Blessed Night 福佑之夜
By Nancy Kress 南希·克雷斯
Translated by Noc
201408
彗星科幻
(译文见后)
He walked as fast as he could without running. Running would use too much energy, cost him too much air. He walked, trying not to swing his arms too much, toward the night. He’d been walking for over two days and had one more day’s supply of air and water. If he didn’t reach Alpha Base by then, he would die. And the planet kept turning under him, carrying him backwards. He had to walk faster than CJ-10a’s rotation to reach the base, which was set just beyond the planet’s terminator in the blessed narrow edge between perpetual day and perpetual night.
“Jenny, darling, I don’t know if I can make it,” he said to the recorder built into his helmet. The radio had been destroyed during the skimmer crash, and his tracker was too damaged to beam his location, but the recorder still worked. If he died, someone from the base would eventually find his body. He wanted his wife to know his last thoughts.
“I’m slowing down a little, Jenny. Only my body, not my mind. And never my heart. I love you.”
How often had he said that to her? A hundred times, a thousand times. He could never say it enough.
“Why this planet, Jenny? Why me?”
Questions without answers. Like the entire planet.

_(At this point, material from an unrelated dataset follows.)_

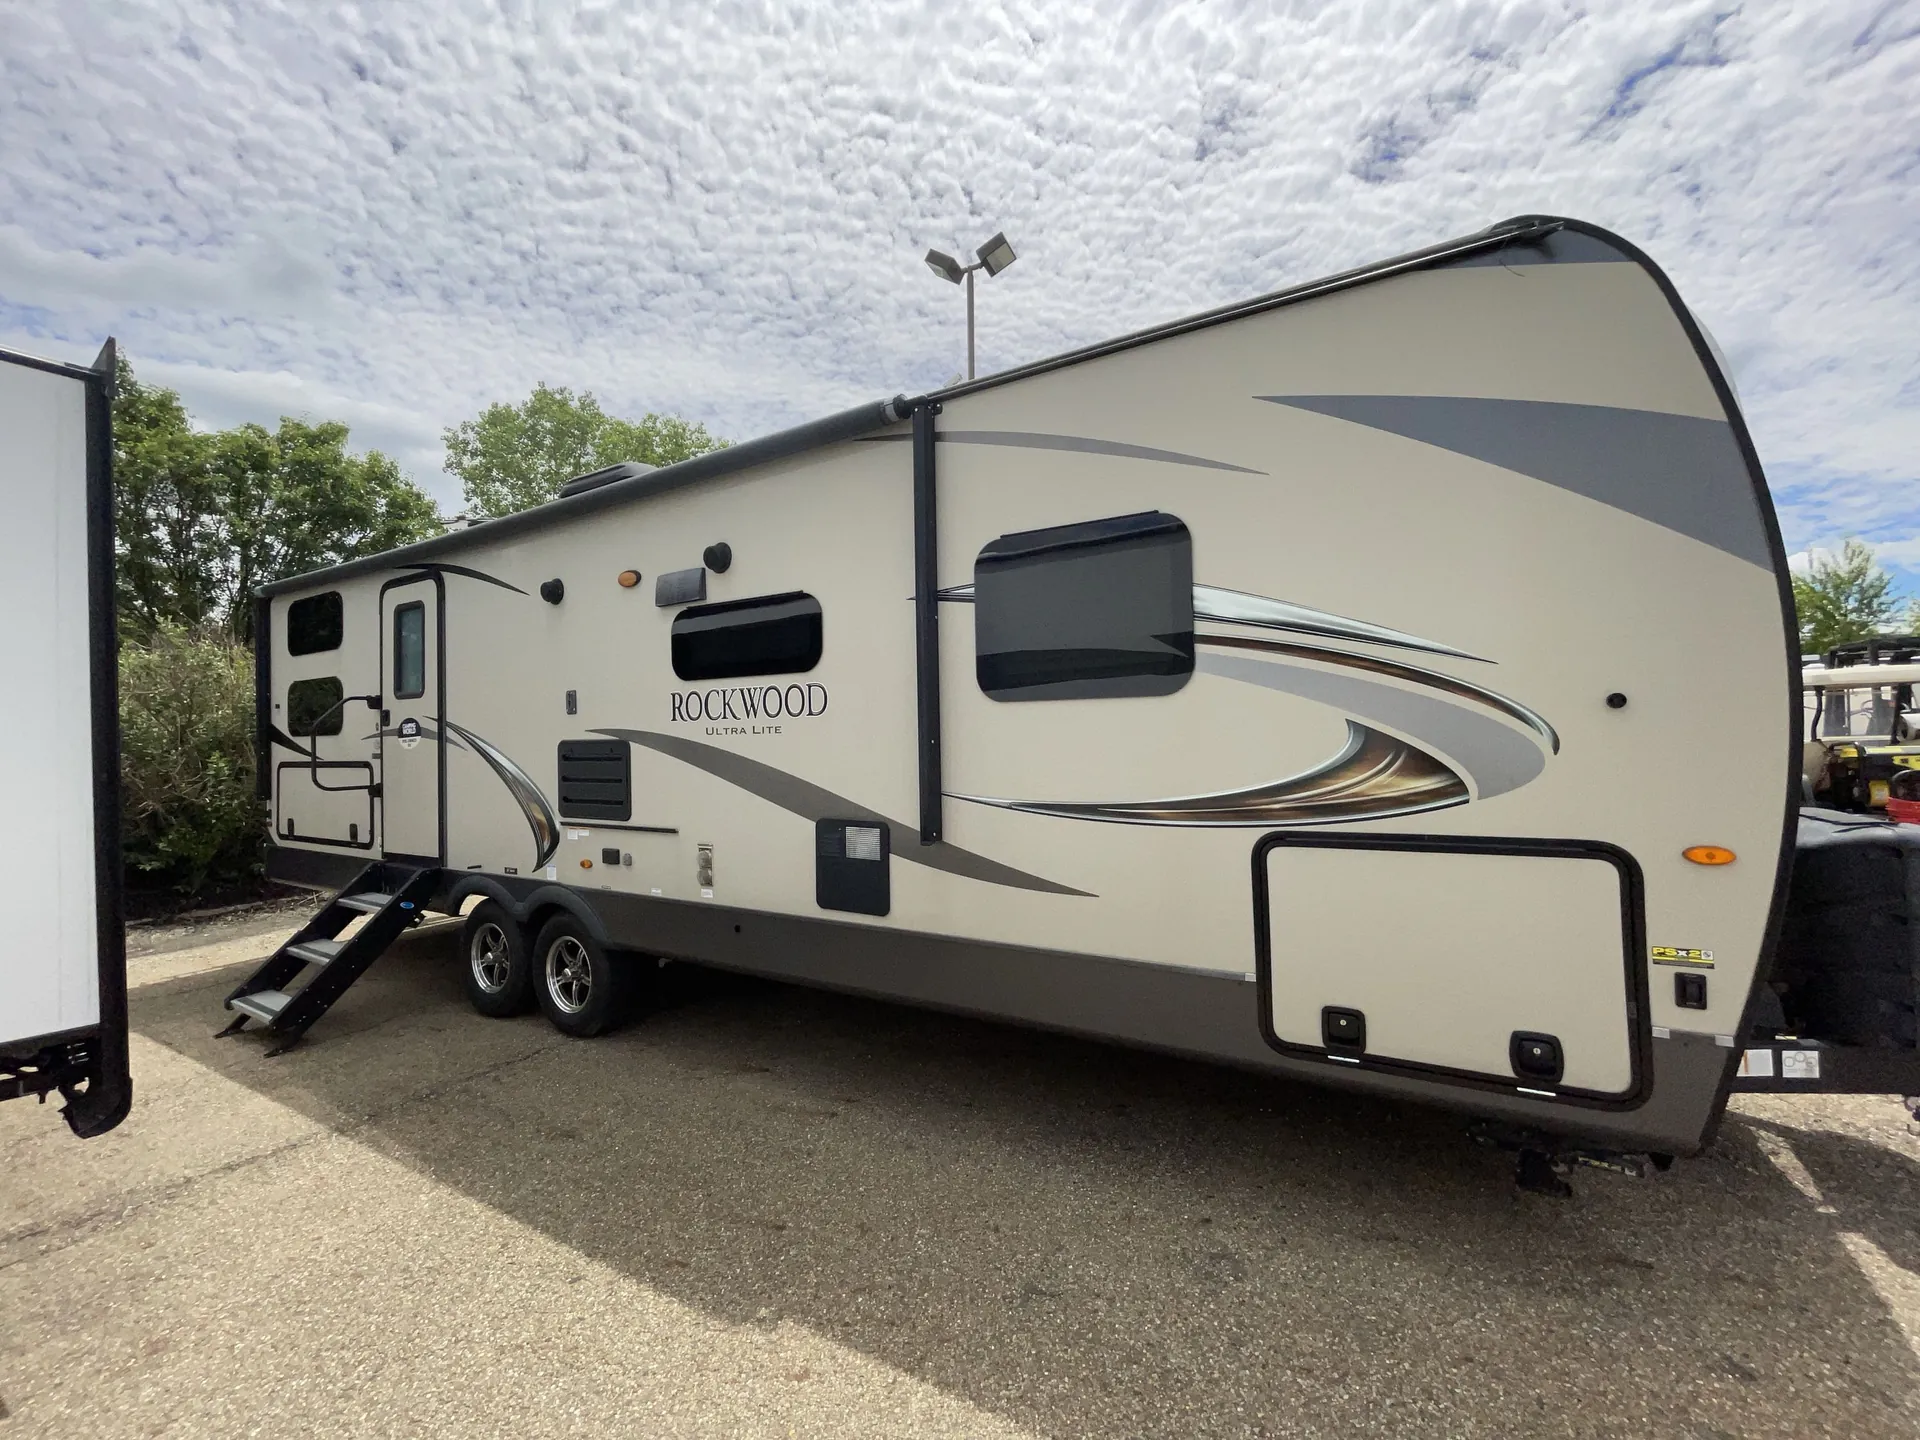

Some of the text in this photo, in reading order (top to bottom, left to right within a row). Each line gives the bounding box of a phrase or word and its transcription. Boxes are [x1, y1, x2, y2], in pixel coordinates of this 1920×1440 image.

[670, 682, 828, 722] ROCKWOOD
[705, 725, 782, 736] ULTRA LITE
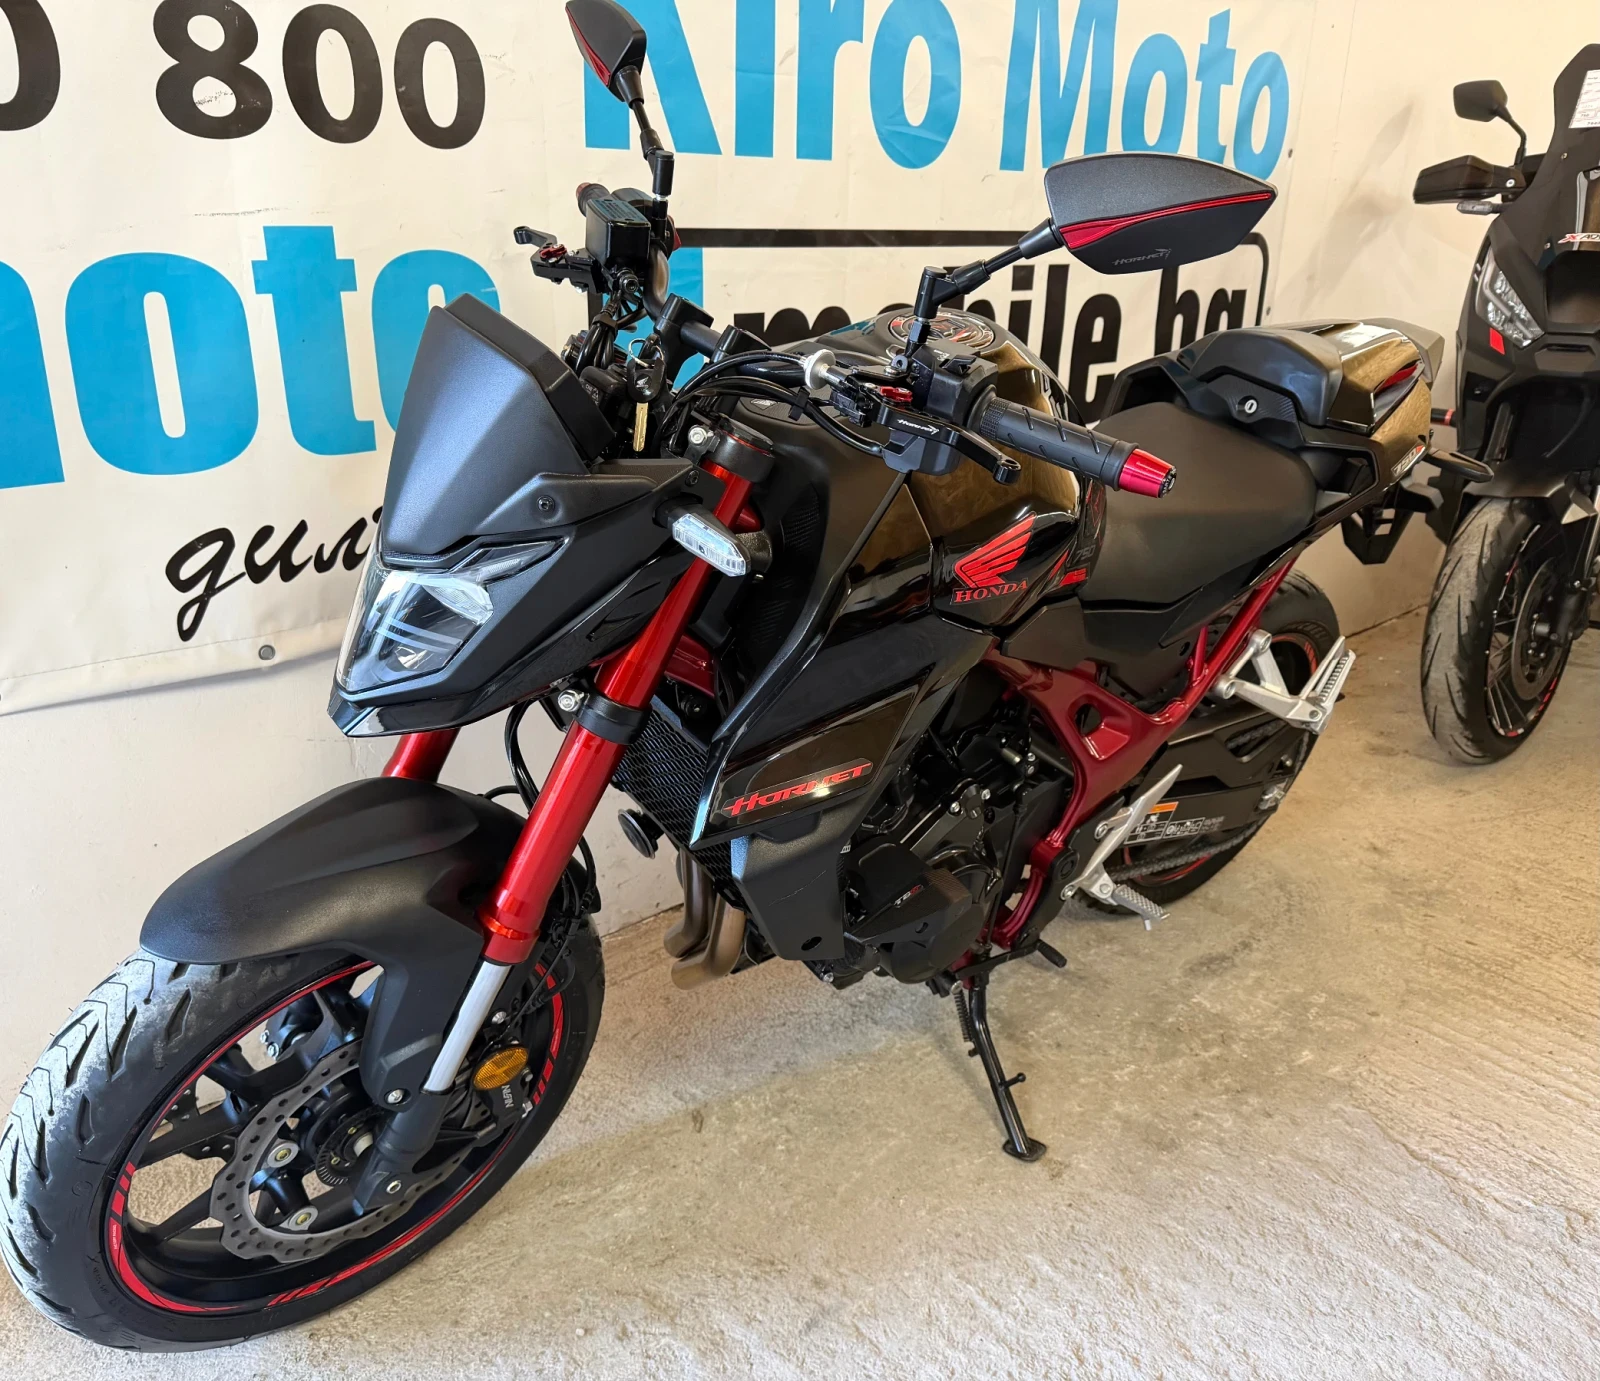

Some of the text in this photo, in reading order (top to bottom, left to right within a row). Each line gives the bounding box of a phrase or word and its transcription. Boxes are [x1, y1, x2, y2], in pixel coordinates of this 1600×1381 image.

CJ-10a was the closest planet to its orange dwarf star. Small and surprisingly dense, its gravity was nearly one gee. Tidally locked, the planet kept one scorched and barren face toward its sun, the other frozen and barren face toward the stars. Only at the terminator was there alien life: lichen, primitive plants, prokaryotes, and worms. Nothing interesting, nothing a man could believe was important. Everything important was light-years away.
“Jenny, the light is so hard. So bright. It’s not like our light, it’s orange-y, and it makes the rocks look just a little orange. There’s a place on the horizon where the orange light is darker, I think that might be the terminator. But it doesn’t get any closer! The damn planet is fighting me. If I don’t reach night, where Alpha is—”
No. Unthinkable. He would reach the base, with its warmth and artificial Earth atmosphere and food and rest. A bed—he would lie in a bed with clean sheets, after he took a hot shower, scalding hot. Every part of him stank. Then he would eat a big plateful of food. Two platefuls, three.
Except…he didn’t feel hungry. Why didn’t he feel hungry? He hadn’t eaten for two days. Something gnawed at his mind: a painful thought, a doubt. He pushed it away. The important thing was not to think but to keep going, keep walking toward Alpha, with its safety and its interstellar transmitter. At Alpha he could not only talk to Jenny but also hear her sweet voice answer. Meanwhile, he must keep moving. He began yet again to explain to Jenny how he must walk toward the base faster than the rotation of the planet carried him in the opposite direction. He felt compelled to tell her, just as he felt compelled to say how much he loved her. Words were his lifeline to everything he fought to keep.
But he was so tired.
“Next month is our anniversary, Jenny. Three years married. Remember when I proposed? You were so surprised. We were having dinner at that Italian place on Fourth Street, the one destroyed last year in the shelling. You had veal scaloppini and I had the pasta. You wore that blue dress with the lace collar. When I asked you to marry me, you were so happy that you cried. You know why I’m doing this, don’t you? Why I’m on this cursed planet? For us. I want to buy us a house someplace away from the war, someplace where no missiles can hit us and no soldiers invade house-to-house, somewhere we can—what’s that?”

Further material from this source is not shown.